I followed her out of the water and she turned around, dropping to her knees in sand. Then she pulled down my Bermuda shorts and sucked me. I was already hard but the woman knew how to suck. Over the course of this marriage I had trained her well in it and I can proudly say, most men would not last long in her mouth.

She knew her powers. She took me to the point of maximum hardness and said, “You are so ready!” Then I watched her lay on her back and spread her legs. I noticed that all this time, she had worn no panties. I went on my fours and crawled on her. We kissed and then I rose up to insert myself into her. Holding my erection in my hands, I traced myself down her slit until I sensed the sweet pleasure spot. It was tight and moist, and I heard her mutter, “Yes … that is it. Take me.”

I pushed myself in. It took me a couple of thrusts to bury myself into her to the hilt. Then I started fucking her. There was sand and sweat and stickiness in our bodies and that felt dirty and animalistic. I pumped in and out of her and she threw her head around in pleasure as I rocked her world. “Yes … like that. Fuck me like that!” I kissed her neck and shoulders while I fucked her raw. She was on fire that night.  
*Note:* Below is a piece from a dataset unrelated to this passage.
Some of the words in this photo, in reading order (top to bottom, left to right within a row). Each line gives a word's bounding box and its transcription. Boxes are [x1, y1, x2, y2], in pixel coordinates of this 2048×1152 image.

My cock went in and out of her and with each thrust, I saw her massive breasts move up and down. I caused them to sway with each thrust and enjoyed the way they danced on their own to my movement.  I know her body well enough to know when an orgasm is coming. “Oh my God I am gonna cum!” she said and then I held her in my arms as she tensed and shuddered.

When it was all over there was this look of bliss on her face. “Did you cum?” I asked.
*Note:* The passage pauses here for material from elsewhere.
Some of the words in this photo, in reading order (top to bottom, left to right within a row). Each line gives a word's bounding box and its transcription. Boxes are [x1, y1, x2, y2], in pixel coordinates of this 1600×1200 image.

“Yes but … I can cum again.” She said.

My cock was still hard and throbbing eager for its own release. I looked around and realized that the darkness was starting to leave us and the sky was definitely lighter. Though the sun had not come up, a few more minutes and we would be quite visible to anyone looking down towards the waves. We both felt naked and exposed.

Fortunately, a few feet away from us was an abandoned life guard watch station. It had a ladder that went up into a roofed shelter that was covered only from one side. The back which faced the line of beach huts. I went up the ladder and positioned myself on the leather padded chair. Then I looked down at my busty wife who had followed me up, her big tits rising and falling with each step with which she pulled herself upwards.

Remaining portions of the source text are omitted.